Consider the plan of the first two men (the ones who succeed):

  1. Receive Riches – One gets five talents; the other, two—each according to his ability. While the “inequity” may offend modern sensibilities, note the explanation in the passage itself: the men had different abilities. Before getting outraged, consider this: what business owner would not give more resources to an outstanding employee than to a mediocre one? The fact is, God blesses some more abundantly than others due to their good use of gifts. Later in the Gospel, we receive this fundamental rule: We must prove faithful in a few things to be ruler over many (Matt 25:23).
  2. Risk Reinvestment – Something in these two men makes them feel free enough to risk reinvesting the money: It is likely their relationship with the master. They view him as a reasonable man, one who would applaud their industriousness. Though they are taking a risk, they believe that even if there were to be losses, they will not be dealt with unmercifully. They seem to experience the freedom and courage to step out and make use of the talents entrusted to them. Notice that the text says they “immediately” went out and traded. They are eager to work for their master and take the risks on his behalf in order to please him.
  3. Render a ReportUpon the master’s return the men seem somewhat joyful as they report, “Master, you gave me five (two) talents. See, I have made five (two) more.” There is an enthusiasm for the opportunity they were given and a joy for the harvest.
  4. Rise in the Ranks – The men’s presumptions of the master’s fairness and reasonability are affirmed in his response: “Well done, my good and faithful servant. Since you were faithful in small matters, I will give you great responsibilities. Come, share your master’s joy.” We see that the master is joyful and wants to share his joy with his servants. Further, he is willing to give them greater access to share in his blessings and joy based on their openness to trusting him and their showing themselves to be trustworthy.

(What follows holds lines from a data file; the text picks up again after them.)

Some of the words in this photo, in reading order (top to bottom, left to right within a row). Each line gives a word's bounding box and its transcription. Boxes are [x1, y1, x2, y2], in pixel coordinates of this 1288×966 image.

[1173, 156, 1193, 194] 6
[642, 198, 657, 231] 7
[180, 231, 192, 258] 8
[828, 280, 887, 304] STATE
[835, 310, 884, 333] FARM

The two successful servants see the owner of the riches as a man with whom they can deal. They have a healthy respect for him but not an immature fear. They receive the funds gladly and with gratitude go to work, motivated and enthusiastic about the opportunity they have been given.

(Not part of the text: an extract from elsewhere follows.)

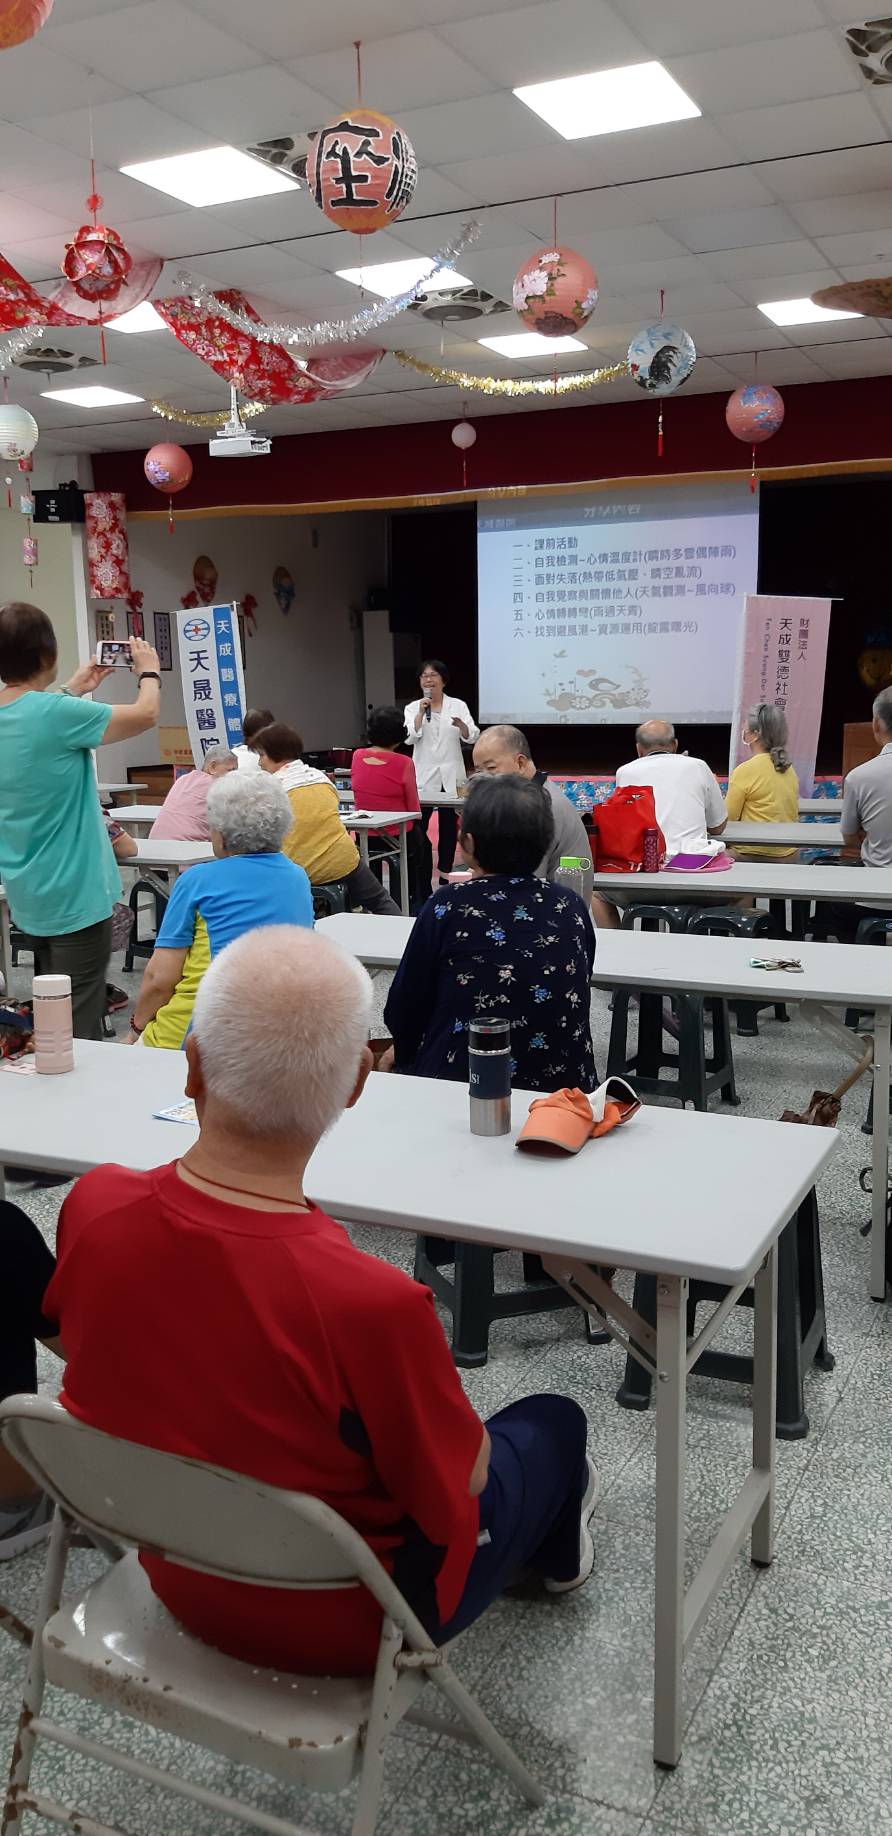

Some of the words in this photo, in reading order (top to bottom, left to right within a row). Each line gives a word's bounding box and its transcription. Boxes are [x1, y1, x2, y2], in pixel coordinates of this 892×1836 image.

[314, 118, 391, 209] 座
[216, 619, 243, 748] 天成醫療體
[797, 618, 810, 661] 財團法人

Allow the posture of these two servants to be a portrait of a holy and more perfect fear of the Lord. With this sort of holy fear, we love God and are enthusiastic to work for Him, realizing that He shares His blessings and is both reasonable and generous. Confident of His mercy (though not presuming it), we go to work in His vineyard. Although there are risks and temptations in the vineyard, if we do fail or fall, we do not make light of our sin but rather repent of it and are confident of God’s mercy. A mature fear of the Lord does not box us in or paralyze us. It does remind of our boundaries and keeps us away from truly dangerous things that erode our talents, but because we love God we respect His boundaries joyfully, knowing that He protects us from “unsafe investments.” Within the designated boundaries, there is both room to maneuver and safety from the thickets of sin. Mature fear of the Lord is joyful and encouraging, not cringing or hiding from Him. Choose the fear of the Lord.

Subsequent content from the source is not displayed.